The uncertainty about the conditions and fate of these people and members of the clergy—the latter by now having been disrobed—arises because of the illegality of their incarceration. Global demands for details of the numbers taken and their circumstances cannot be answered because no attempt has been made by the authorities in Burma to follow any established set of norms that might make such information readily available.

This is the characteristic of all instances of where legality is abandoned in favour of expediency, usually as a result of direct or implicit government directives. In Thailand, for instance, no one knows the numbers of persons killed in the “war on drugs” that was carried out by the government there in 2003 for the same reason that no effort was made to apply ordinary law, set criteria and follow administrative procedures that would allow for this. On the contrary, every effort was made to abandon these norms (see article 2, vol. 2, no. 3). Similarly, the numbers and circumstances of those extrajudicially killed in the Philippines during recent years remains a mystery (see article 2, vol. 6, no. 1), as does the number of those abducted and disappeared in Sri Lanka in the late 1980s (see An exceptional collapse of the rule of law, Asian Human Rights Commission, Hong Kong, 2004).

In every place where legality is abandoned, the institutions ostensibly designed to protect it have been deliberately weakened over time so as to prevent them from doing anything when needed most.
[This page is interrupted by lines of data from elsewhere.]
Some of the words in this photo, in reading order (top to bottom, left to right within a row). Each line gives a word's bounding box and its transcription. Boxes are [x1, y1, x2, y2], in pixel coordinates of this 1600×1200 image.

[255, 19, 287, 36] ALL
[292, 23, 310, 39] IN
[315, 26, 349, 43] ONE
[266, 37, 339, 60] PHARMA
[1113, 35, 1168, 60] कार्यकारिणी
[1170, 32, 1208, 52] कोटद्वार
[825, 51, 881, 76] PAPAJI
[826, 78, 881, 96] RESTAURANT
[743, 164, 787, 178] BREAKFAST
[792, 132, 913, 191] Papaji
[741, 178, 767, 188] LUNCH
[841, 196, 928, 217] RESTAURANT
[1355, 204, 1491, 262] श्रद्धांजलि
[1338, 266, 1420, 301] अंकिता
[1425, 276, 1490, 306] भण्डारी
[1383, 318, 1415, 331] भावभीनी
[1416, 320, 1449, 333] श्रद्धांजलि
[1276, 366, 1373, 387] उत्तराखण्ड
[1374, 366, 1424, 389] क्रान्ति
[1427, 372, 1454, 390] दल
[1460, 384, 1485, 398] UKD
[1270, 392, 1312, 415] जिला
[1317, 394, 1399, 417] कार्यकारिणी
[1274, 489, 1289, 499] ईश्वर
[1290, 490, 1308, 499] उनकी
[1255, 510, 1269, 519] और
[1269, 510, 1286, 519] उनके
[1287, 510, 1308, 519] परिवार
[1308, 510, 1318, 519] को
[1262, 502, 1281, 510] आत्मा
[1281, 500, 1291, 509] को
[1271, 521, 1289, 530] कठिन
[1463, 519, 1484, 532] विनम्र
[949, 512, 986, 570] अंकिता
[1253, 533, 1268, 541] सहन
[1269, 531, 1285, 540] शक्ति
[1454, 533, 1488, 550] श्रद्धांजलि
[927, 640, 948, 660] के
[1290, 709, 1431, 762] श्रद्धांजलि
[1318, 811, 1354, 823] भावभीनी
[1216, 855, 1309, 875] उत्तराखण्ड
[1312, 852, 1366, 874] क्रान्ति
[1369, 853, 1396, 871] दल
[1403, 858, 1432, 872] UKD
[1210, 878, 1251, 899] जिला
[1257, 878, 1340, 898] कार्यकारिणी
They are either made irrelevant or never built to an extent that they might be able to intervene in defence of basic human rights in the first place.

In Burma, traditions and institutions that to some extent existed in the 1950s have over the last half century been steadily demolished so that now nothing exists other than their facade. But whereas it is easy to conclude that the courts in Burma are corrupted, have no independence, and that any cases freighted with importance are decided not by them but by outside persons, it does not lead to a more informed understanding of conditions in the country.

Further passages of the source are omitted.